In preferred versions of such an embodiment, the composition
comprises a non-porous, homogeneous, permeable, structured
polymeric pliable solid.
[0024] The volatile composition can be formed in a number of
different manners. In one embodiment, the composition can be made
by adding the volatile ingredient(s) and volatile dye(s) to a
carrier, such as polyethylene glycol (or "PEG"). The volatile
ingredients, such as perfumes, and the volatile dyes are preferably
miscible with the carrier, and after cooling, forms a pliable
solid-like at room temperature. PEG is available in various
molecular weights. While PEG's having low molecular weights (or
"MW") (e.g., molecular weights less than 400) can be used as
solvents for perfumes, such PEG's are liquids at room temperature,
and may be used, but are not preferred for use in the compositions
described herein. In more preferred embodiments of the composition,
the MW of PEG is greater than or equal to about 1,000, or greater
than or equal to about 4,000. It is desirable that the MW of PEG be
greater than or equal to about 8,000. The molecular weight of PEG
may be as high as 24,000, or higher. All molecular weights
specified herein are weight average molecular weights.

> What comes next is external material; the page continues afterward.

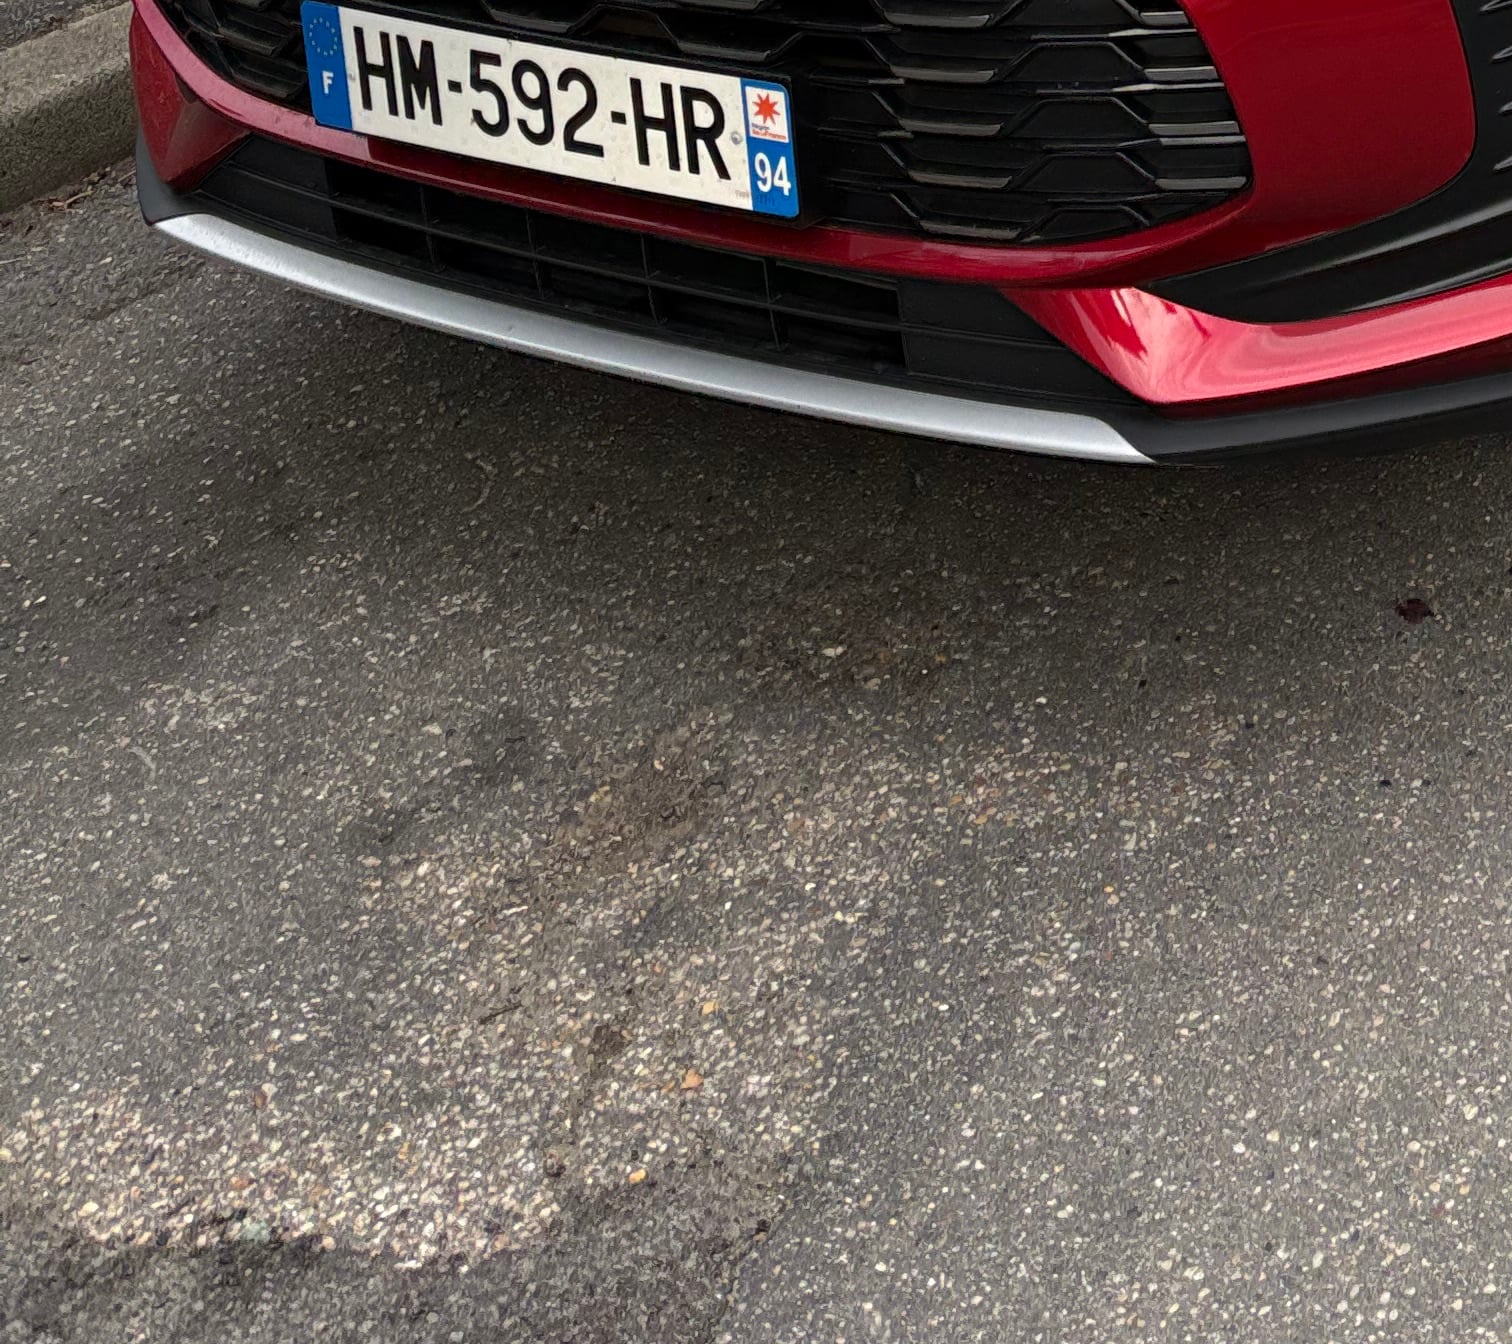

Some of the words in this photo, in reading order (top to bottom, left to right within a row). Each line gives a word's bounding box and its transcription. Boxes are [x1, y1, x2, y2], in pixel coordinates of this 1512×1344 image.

[322, 70, 334, 95] F
[353, 25, 732, 181] HM-592-HR
[754, 152, 792, 197] 94

[0025] Other suitable carriers are hydrogenated castor oil and high
chain fatty acids, particularly those with a chain length of
greater than or equal to 14 carbon atoms. In certain embodiments,
it is desirable for the majority of the composition to comprise
such a carrier and the volatile ingredient(s). Thus, such a carrier
and the volatile ingredient(s) may comprise more than about 20%,
alternatively, more than about 50% of the composition, by weight.
In certain embodiments, it may be desirable for the composition
(and/or the carrier) to also be substantially free of HPC (hydroxy
propyl cellulose).
[0026] It may be desirable to utilize a structurant with the
carrier. A structurant can be used for any suitable purpose.

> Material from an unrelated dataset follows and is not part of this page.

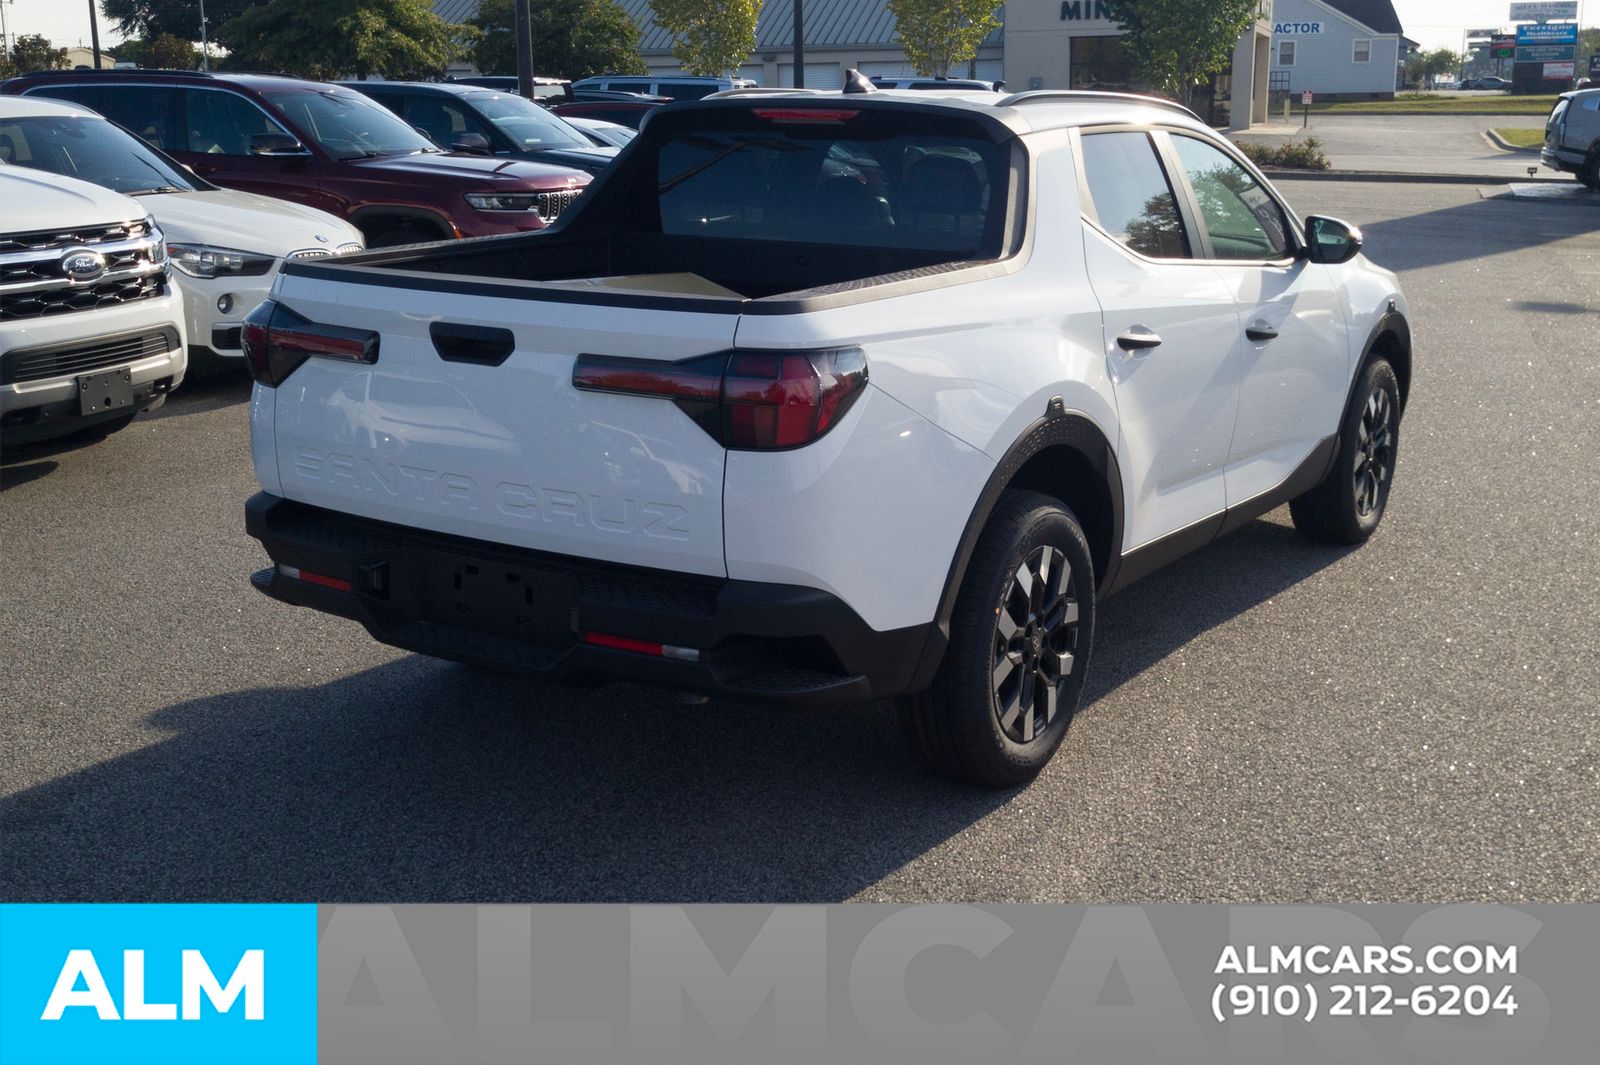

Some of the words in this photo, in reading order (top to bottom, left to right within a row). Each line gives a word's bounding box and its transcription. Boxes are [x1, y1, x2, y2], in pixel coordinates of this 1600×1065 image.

[1272, 22, 1320, 34] ACTOR
[295, 446, 479, 511] SANTA
[496, 481, 690, 541] CRUZ

Examples of such purposes include, but are not limited to providing
the structure formed by the composition with greater stability. The
structurant can reduce the tendency of the structure to release the
volatile material(s) and volatile dye(s) at low temperatures (e.g.,
ambient or storage or shipping temperatures). Thus, the volatile
material(s) and volatile dye(s) will not be released until energy
is applied to the structure in order to release the volatile
material(s) and volatile dye(s). Any suitable structurant can be
used. Suitable structurants comprise any substance that includes a
divalent cation. Substances that comprise divalent cations include,
but are not limited to magnesium and calcium containing molecules
such as magnesium and calcium chloride, magnesium and calcium
carbonate. Other suitable structurants include, but are not limited
to derivatives of castor oil, including, but not limited to
hydrogenated castor oil.
[0027] It may also be desirable for the composition to include at
least one wax. Waxes can be used for any suitable purpose,
including, but not limited to raising the melting temperature of
structure formed by the composition for improved stability. Any
suitable wax(es) can be used. In certain embodiments, it is
desirable for the wax to have a melting point that is greater than
that of the carrier. If the carrier is PEG, the melting point of
the wax may, for example, be greater than about 50.degree. C.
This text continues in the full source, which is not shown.